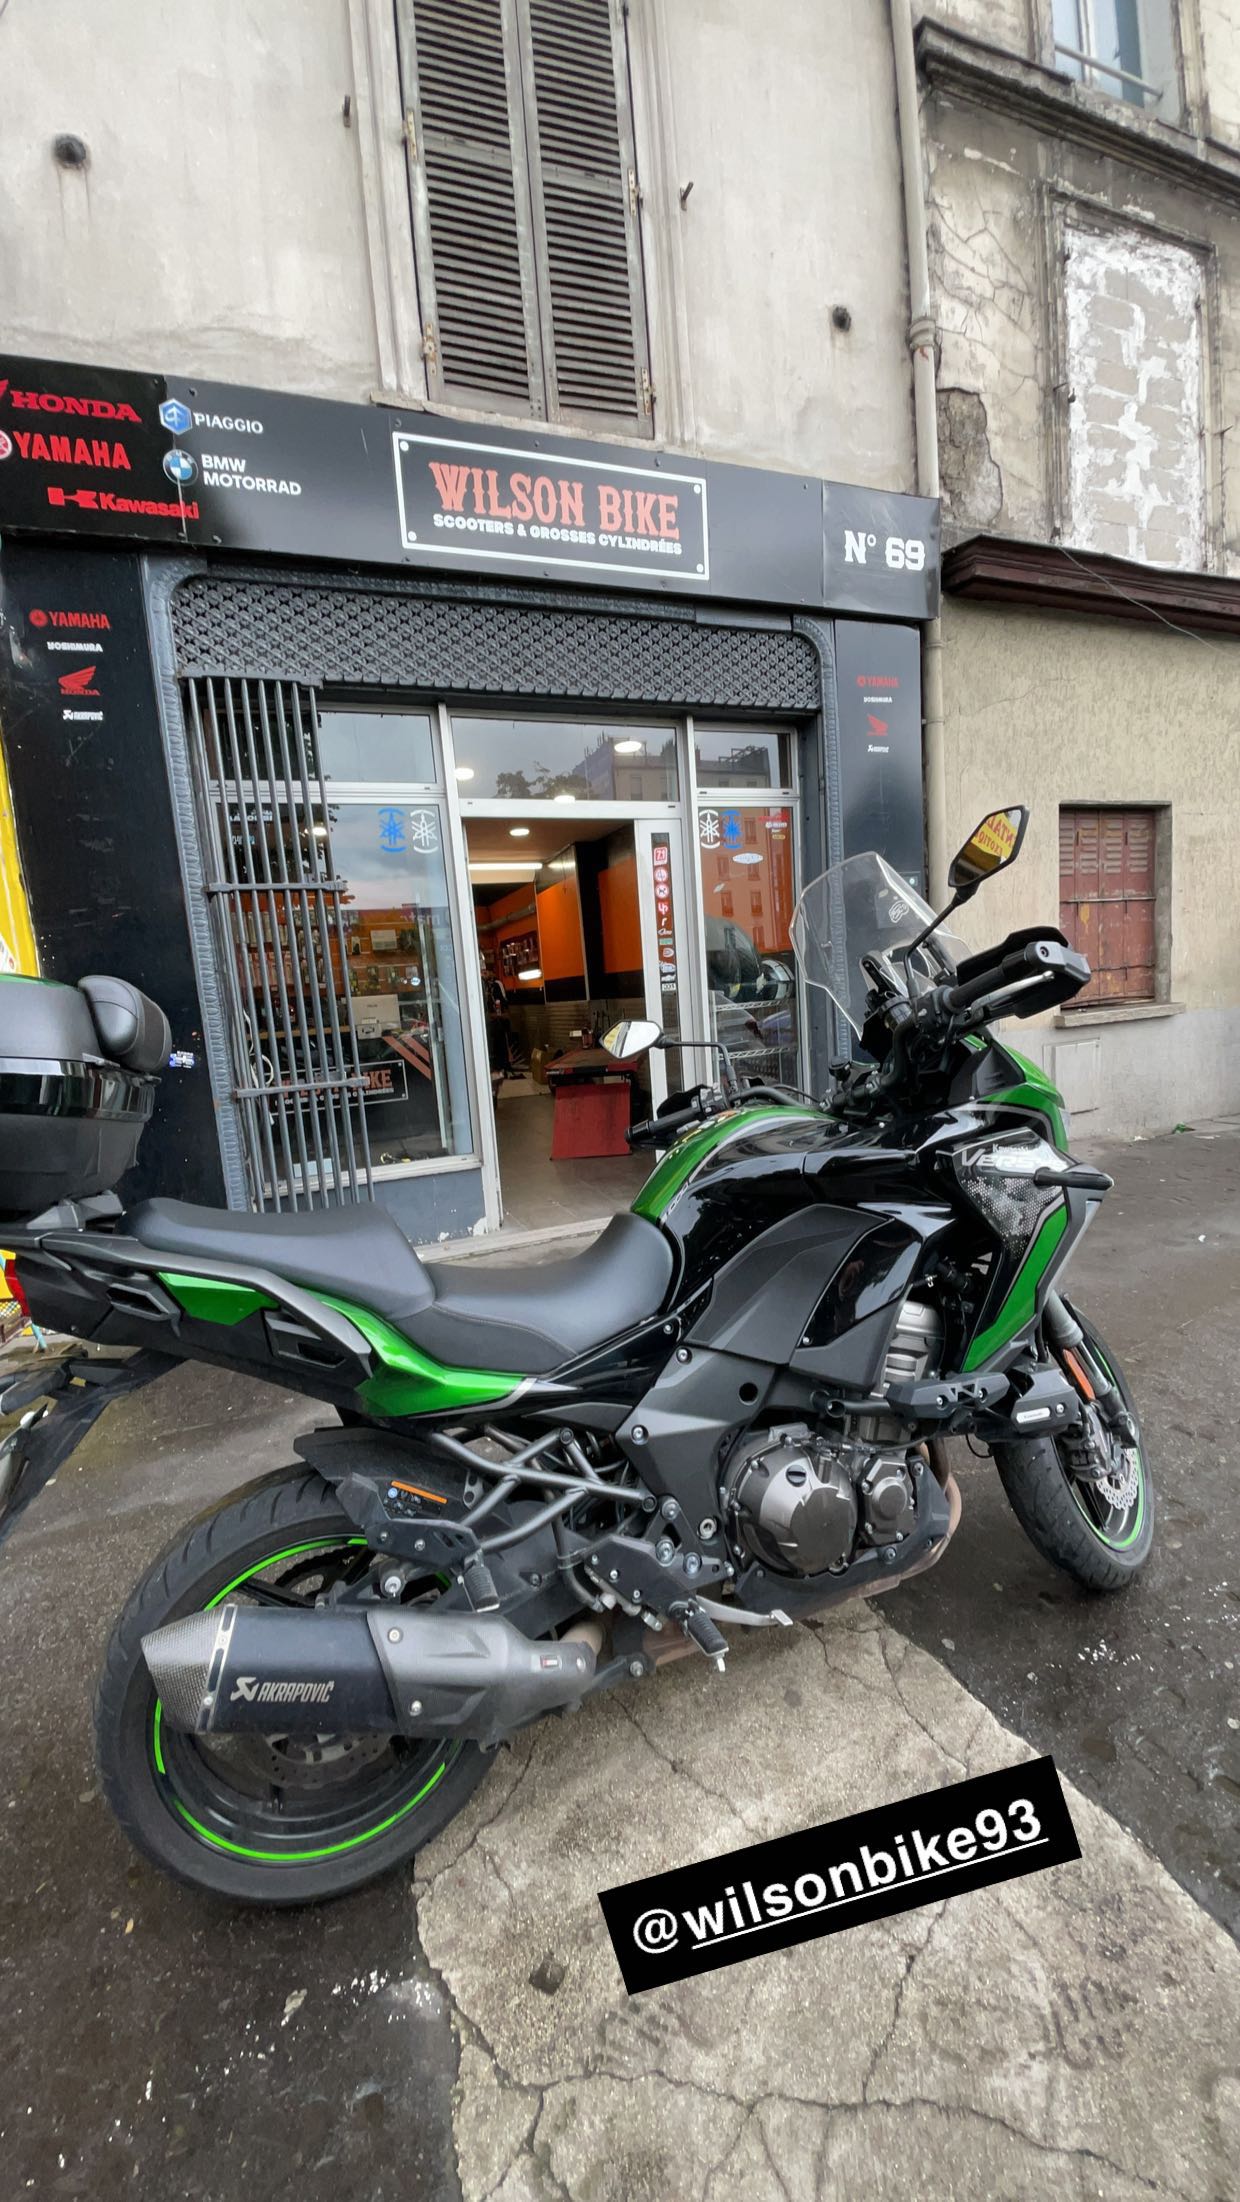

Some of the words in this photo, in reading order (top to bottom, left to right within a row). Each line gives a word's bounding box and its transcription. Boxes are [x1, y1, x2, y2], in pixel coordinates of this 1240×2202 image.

[10, 390, 143, 423] HONDA
[193, 412, 264, 434] PIAGGIO
[12, 431, 131, 471] YAMAHA
[201, 454, 246, 473] BMW
[203, 472, 302, 496] MOTORRAD
[100, 491, 199, 519] Kawasaki
[429, 462, 585, 527] WILSON
[598, 485, 680, 540] BIKE
[433, 513, 514, 535] SCOOTERS
[517, 525, 527, 537] &
[530, 526, 595, 545] GROSSES
[599, 534, 682, 555] CYLINDRÉES
[885, 537, 926, 571] 69
[48, 611, 112, 630] YAMAHA

☆ ☆ ☆ ☆ ☆ ☆ ☆

Return the entries above exactly, skipping any images.

Solution »
Some of the words in this photo, in reading order (top to bottom, left to right within a row). Each line gives a word's bounding box and its transcription. Boxes are [x1, y1, x2, y2], in pixel coordinates of this 1240×2202 image.

[10, 390, 143, 423] HONDA
[193, 412, 264, 434] PIAGGIO
[12, 431, 131, 471] YAMAHA
[201, 454, 246, 473] BMW
[203, 472, 302, 496] MOTORRAD
[100, 491, 199, 519] Kawasaki
[429, 462, 585, 527] WILSON
[598, 485, 680, 540] BIKE
[433, 513, 514, 535] SCOOTERS
[517, 525, 527, 537] &
[530, 526, 595, 545] GROSSES
[599, 534, 682, 555] CYLINDRÉES
[885, 537, 926, 571] 69
[48, 611, 112, 630] YAMAHA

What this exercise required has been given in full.